One was a tall, tow-headed man with freckles covering most of his face, his blue shirt loose over gaunt ribs. The other was swarthy, his hair Mexican-black, his body almost as thick as the corporal’s.
‘Looks like,’ he agreed.
And all three moved out to block Wyatt’s path.
‘I don’t want any trouble,’ said Mortimer. ‘Not in here.’
‘Won’t be none,’ said the corporal, still grinning. ‘So long as he comes quiet.’
‘I’m going to Las Cruces,’ Wyatt said, his voice even. ‘I want to talk to the marshal there. You want me, you can find me there.’
‘I can find you here,’ the corporal said. ‘Be a pure waste of my time chasin’ over to Las Cruces after you.’
‘Stay out o’ my way.’ Wyatt said. ‘I got no quarrel with you.’
‘None with you, feller,’ said the corporal. ‘Just orders.’
‘I’m going to Las Cruces.’
It was a statement.
‘No you ain’t. You’re comin’ with us.’
Wyatt shook his head as he moved on down the saloon. ‘Sorry, feller, but you got that wrong. I told you where I’m going.’
The corporal’s hand moved towards his gun. It was a long-barreled Cavalry Colt, held in the turn-grip, flapped holster favored by the US Army. Either side of him, the troopers reached for their weapons.
Wyatt was holding the Winchester carbine in his right hand. He closed the distance between them with the long gun swinging up in a curving arc that slammed the metal barrel hard against the non-com’s jaw. The man’s head snapped back with a vicious cracking sound as his teeth smashed together. Chips of broken enamel spat from his mouth as his eyes glazed and blood trickled from between his lips. His hand dropped away from his holster as Wyatt brought the carbine down and rammed the muzzle into his belly. He grunted like a pig and began to fold.

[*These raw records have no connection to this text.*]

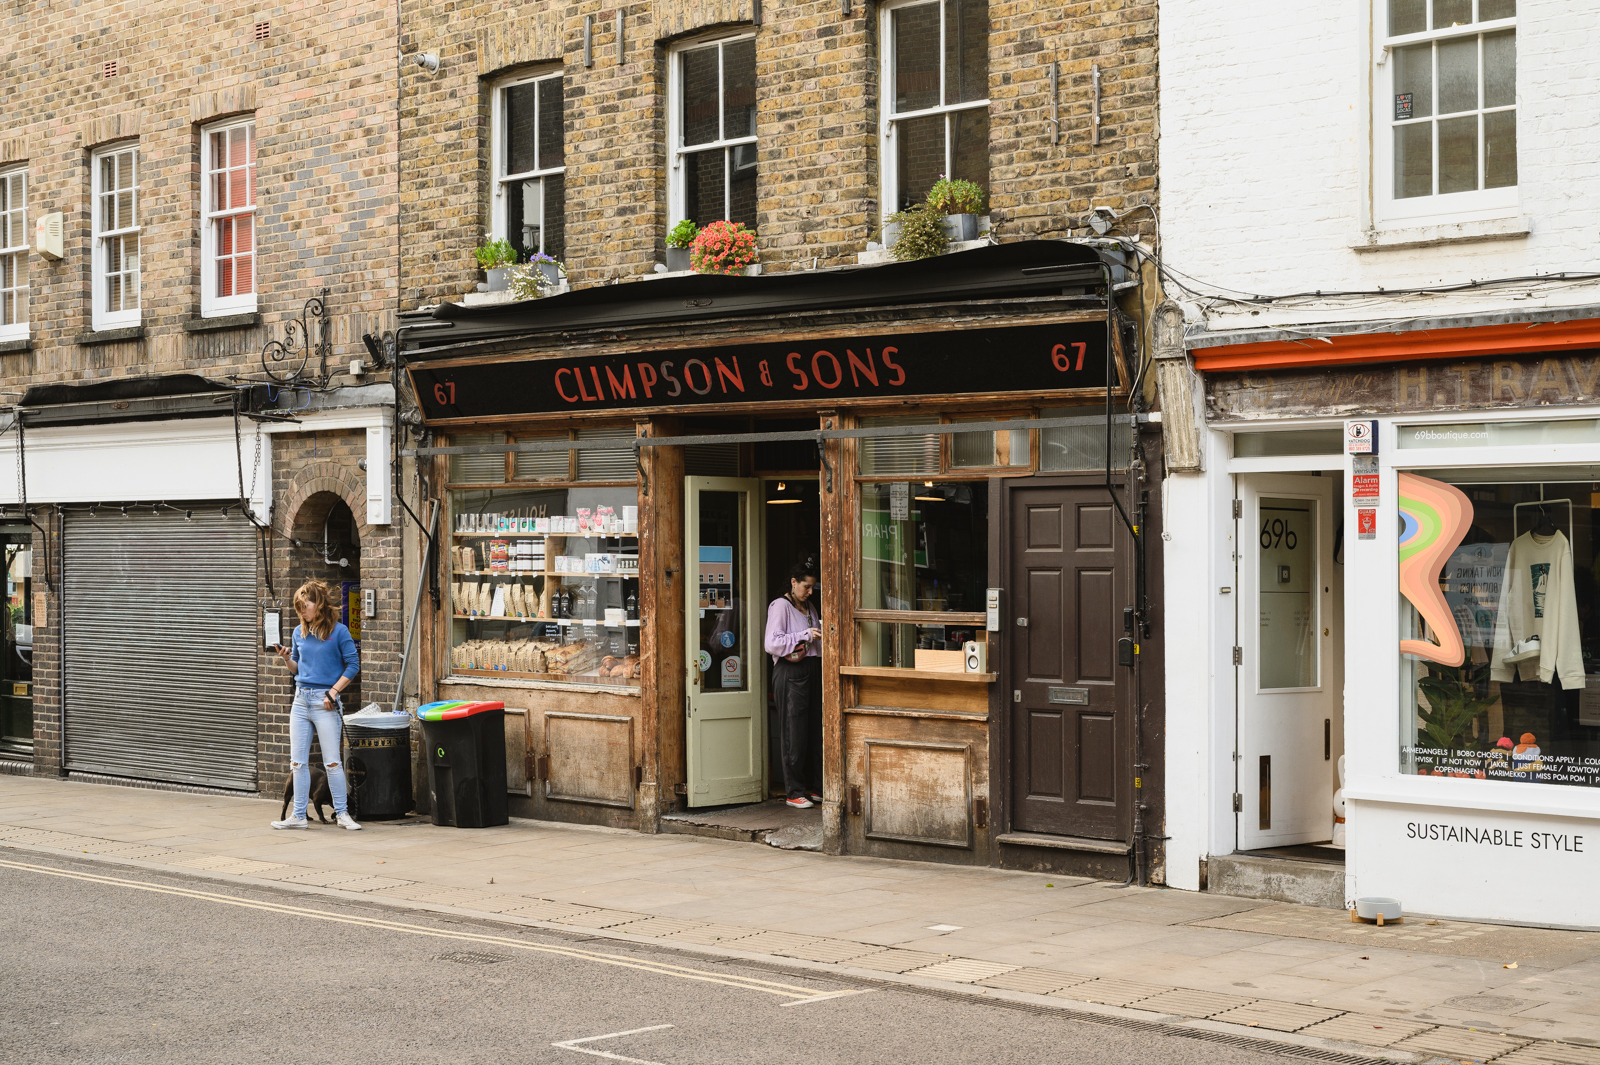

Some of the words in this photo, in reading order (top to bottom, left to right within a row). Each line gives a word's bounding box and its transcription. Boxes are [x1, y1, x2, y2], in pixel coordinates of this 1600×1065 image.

[1051, 341, 1087, 372] 67
[554, 356, 745, 403] CLIMPSON
[759, 359, 773, 387] &
[786, 346, 906, 391] SONS
[434, 382, 456, 405] 67
[1414, 430, 1489, 441] 69bboutique.com
[1354, 476, 1378, 484] Alarm
[1260, 518, 1298, 550] 69b
[359, 738, 397, 747] LITTER
[1402, 746, 1448, 756] ARMEDANGELS
[1456, 750, 1476, 758] BOBO
[1476, 751, 1503, 759] CHOSES
[1512, 754, 1554, 762] CONDITIONS
[1555, 756, 1575, 764] APPLY
[1415, 756, 1433, 764] HVISK
[1464, 759, 1481, 767] NOW
[1490, 760, 1509, 769] JAKKE
[1517, 762, 1531, 770] JUST
[1532, 764, 1557, 772] FEMALE
[1567, 765, 1600, 774] KOWTOW
[1434, 765, 1480, 775] COPENHAGEN
[1488, 770, 1526, 778] MARIMEKKO
[1535, 772, 1551, 780] MISS
[1552, 773, 1568, 781] POM
[1569, 775, 1586, 783] POM
[1406, 822, 1523, 848] SUSTAINABLE
[1530, 832, 1584, 853] STYLE
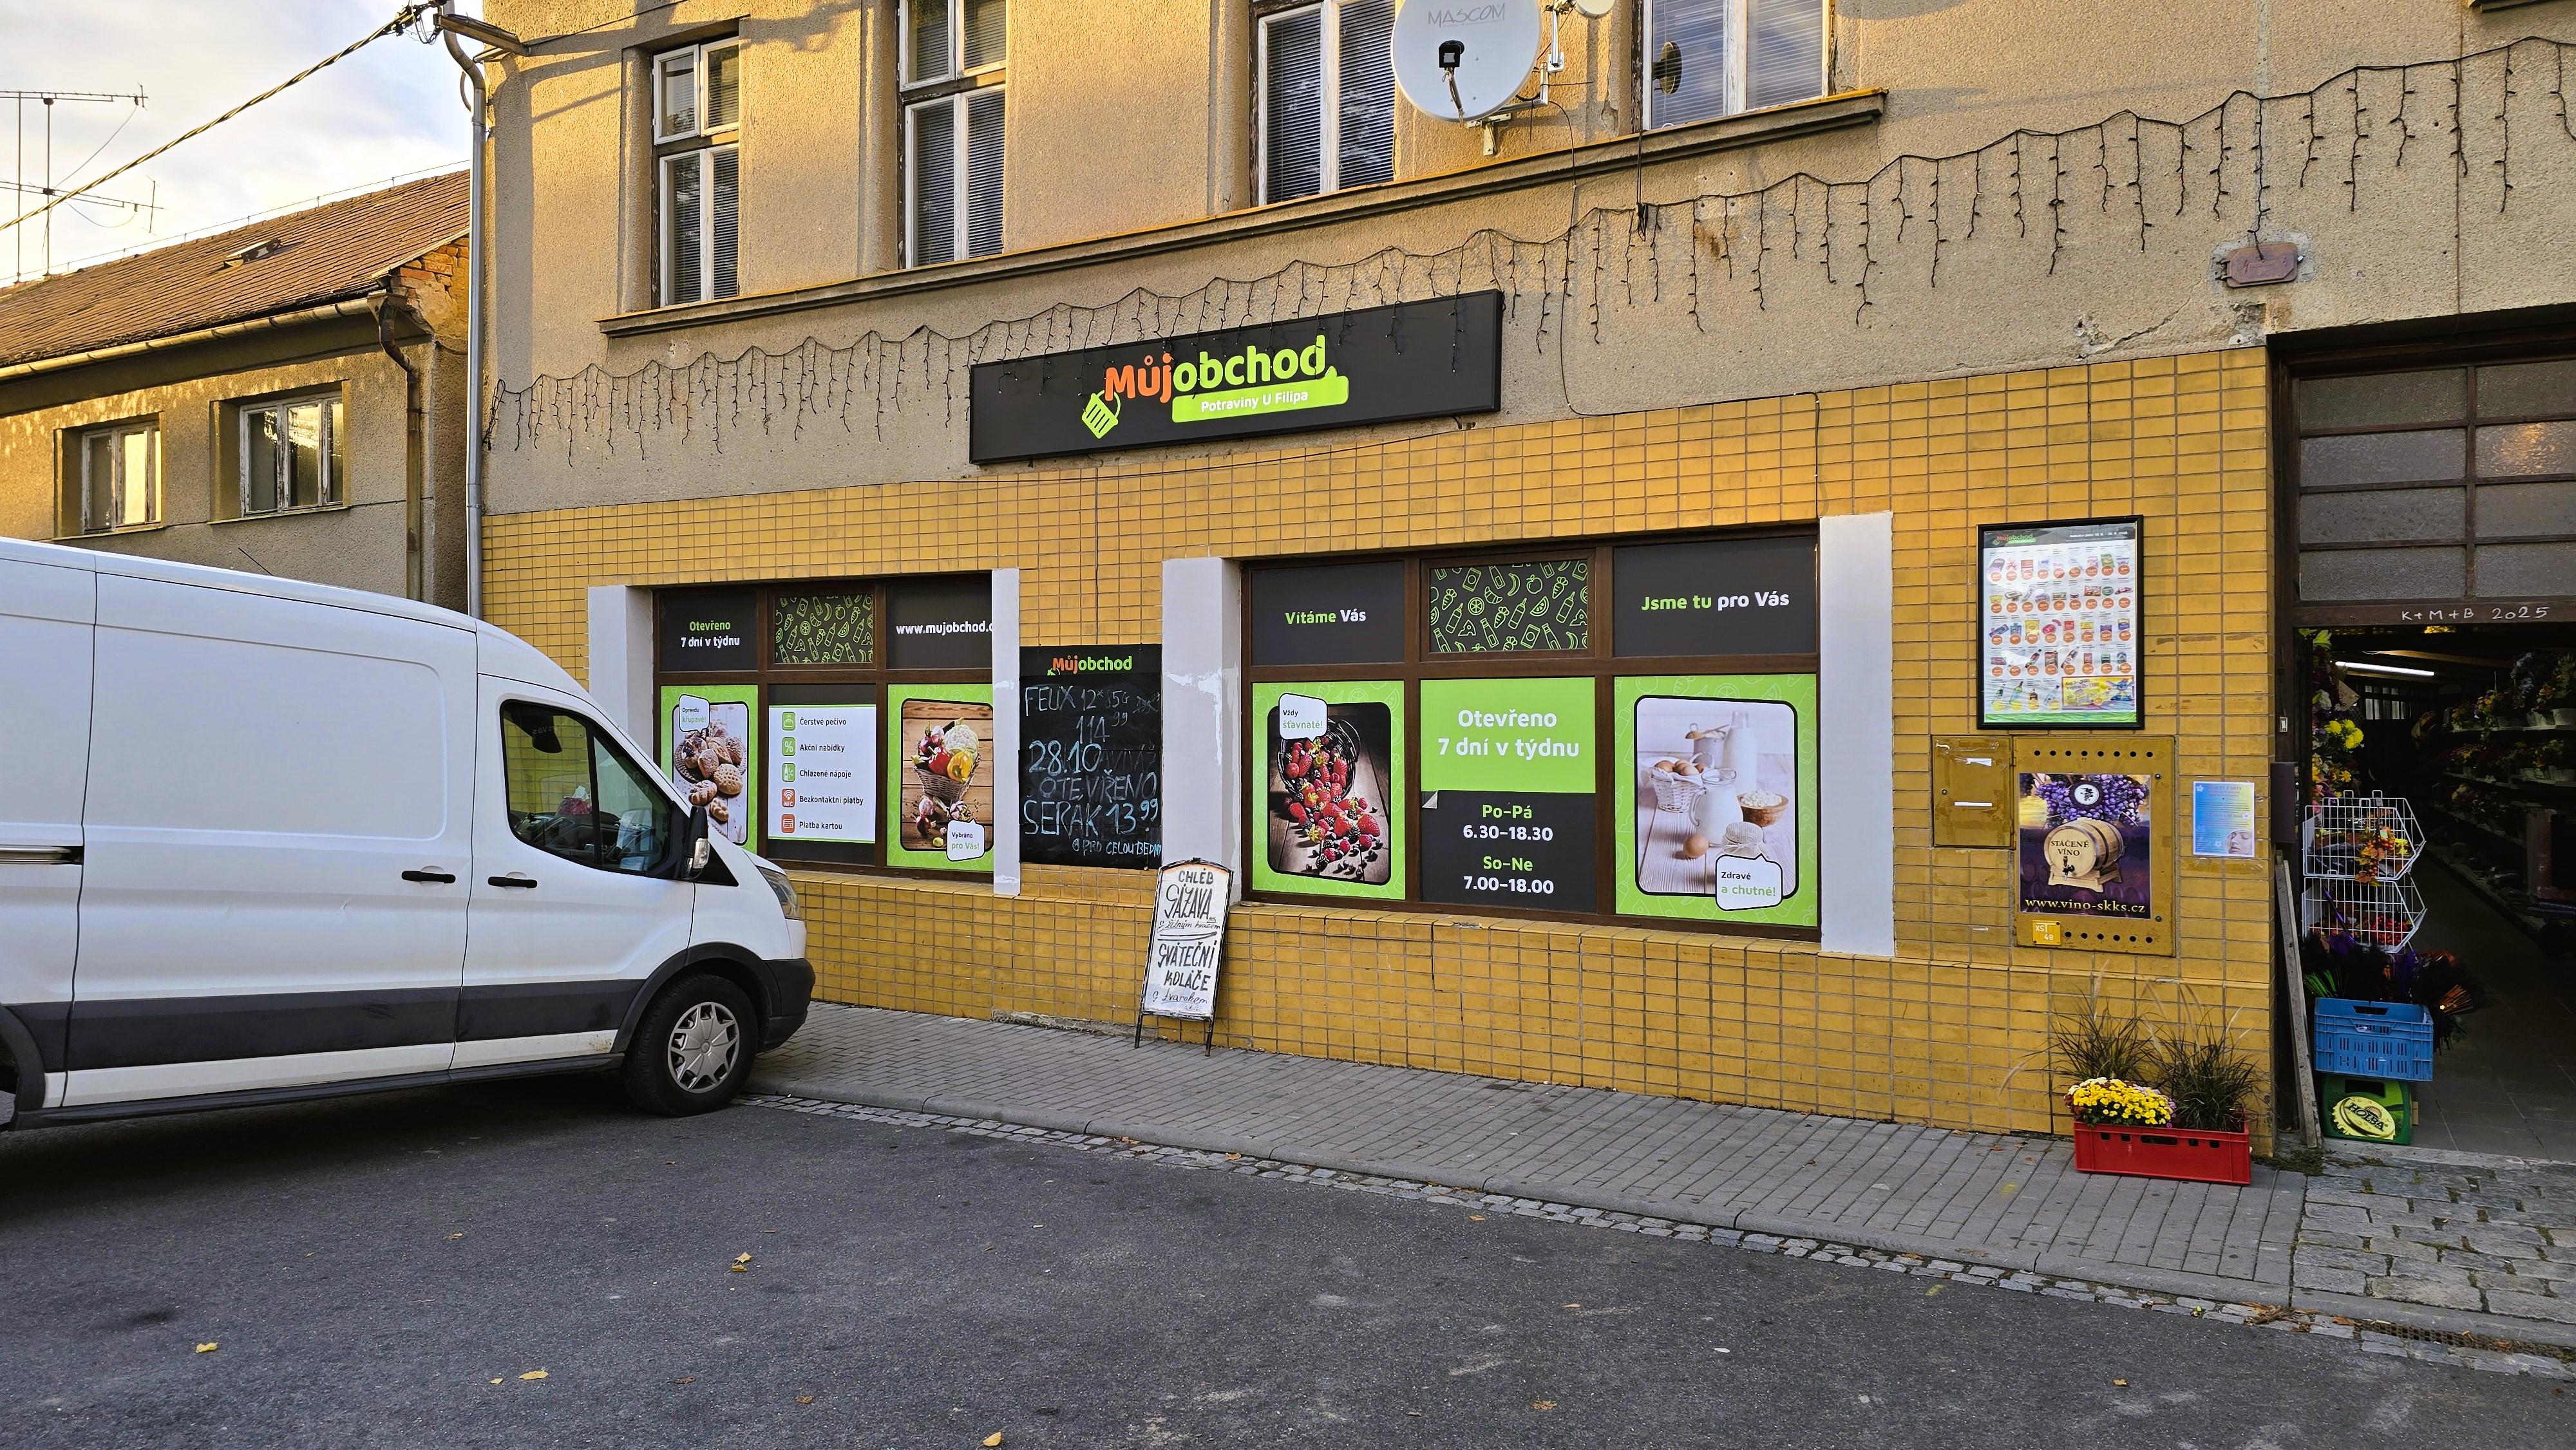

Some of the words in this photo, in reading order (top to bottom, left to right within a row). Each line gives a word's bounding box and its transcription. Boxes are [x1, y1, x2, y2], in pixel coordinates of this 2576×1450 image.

[1428, 3, 1506, 28] MASCOM
[1104, 335, 1325, 403] Můjobchod
[1201, 397, 1259, 412] Potraviny
[1262, 393, 1272, 406] U
[1275, 390, 1309, 405] Filipa
[1642, 596, 1687, 610] Jsme
[1693, 595, 1712, 609] tu
[1718, 596, 1750, 611] pro
[1754, 590, 1790, 607] Vás
[1285, 610, 1336, 625] Vítáme
[1340, 608, 1367, 622] Vás
[2492, 606, 2550, 619] 2025
[689, 620, 731, 631] Otevřeno
[681, 637, 687, 648] 7
[688, 636, 703, 647] dní
[705, 638, 712, 646] v
[713, 635, 740, 648] týdnu
[1052, 655, 1132, 674] Můjobchod
[682, 715, 706, 724] křupavé!
[1282, 709, 1298, 717] Vždy
[1458, 708, 1557, 728] Otevřeno
[800, 717, 824, 726] Čerstvé
[826, 718, 847, 726] pečivo
[1282, 720, 1323, 729] šťavnaté!
[819, 744, 845, 753] nabídky
[1438, 738, 1450, 755] 7
[1456, 737, 1489, 756] dní
[1495, 742, 1509, 756] v
[1515, 738, 1579, 761] týdnu
[829, 770, 851, 779] nápoje
[1039, 769, 1157, 804] OTEVŘENO
[799, 795, 842, 804] Bezkontaktní
[843, 796, 864, 805] platby
[1482, 804, 1533, 819] Po-Pá
[799, 821, 819, 829] Platba
[821, 822, 842, 830] kartou
[1463, 824, 1553, 842] 6.30-18.30
[2050, 839, 2090, 848] STÁČENÉ
[2058, 848, 2080, 856] VÍNO
[1482, 856, 1533, 871] So-Ne
[1178, 867, 1214, 885] CHLÉB
[1721, 871, 1751, 880] Zdravé
[1463, 876, 1554, 894] 7.00-18.00
[1732, 885, 1776, 896] chutné!
[2025, 899, 2145, 913] www.vino-skks.cz
[1158, 940, 1217, 968] SVÁTEČNÍ
[1164, 970, 1211, 991] KOLÁČE
[2347, 1102, 2385, 1131] HOLBA

And as he did, Wyatt swung the carbine up and round to the right as his metal hand swung to the left.
On the corporal’s right side, the tow-headed trooper caught the full weight of the hand against the side of his neck. His mouth gaped open as his eyes went blank, the nerves along the side of his throat crushed. He gargled noisily and slumped sideways, folding at the knees to crash facedown on the floor.
On the left side, the swarthy trooper dragged his hand clear of his pistol in time to deflect the carbine’s barrel. Instead of striking his face, it hit his wrist. There was the sharp sound of cracking bone. The man yelped. Wyatt pivoted, letting the force of the original blow carry him round so that the metal hand swung in a flat trajectory to thud against the side of the trooper’s face. The soldier gasped and went down on his knees. Wyatt turned, bringing the Winchester up. Then brought it down against the back of the man’s neck.
The trooper joined his companions on the floor.
Doc Mortimer said, ‘Jesus, Tyler! You better get out of here fast.’
Wyatt nodded, glancing at the unconscious men.
‘Yeah. I guess my country doesn’t need me. Any more.’
Chapter Two
NATHAN LEFEVRE’S FACE looked like some kind of relief map of the New Mexico territory. It was tanned a deep, dark brown that was striated with deep wrinkles, like old parchment. His eyes were blue, almost silvery; like twin lakes set into sunbaked mountain country. His hair was cropped short and white as the snow topping the Guadalupes come winter. His body was long and lean, hard as that of a man half his forty-plus years. In repose—with his head eased back against the wood of his swivel chair and his feet up on his desk—he still looked like he could swing into action on the blink of an eye.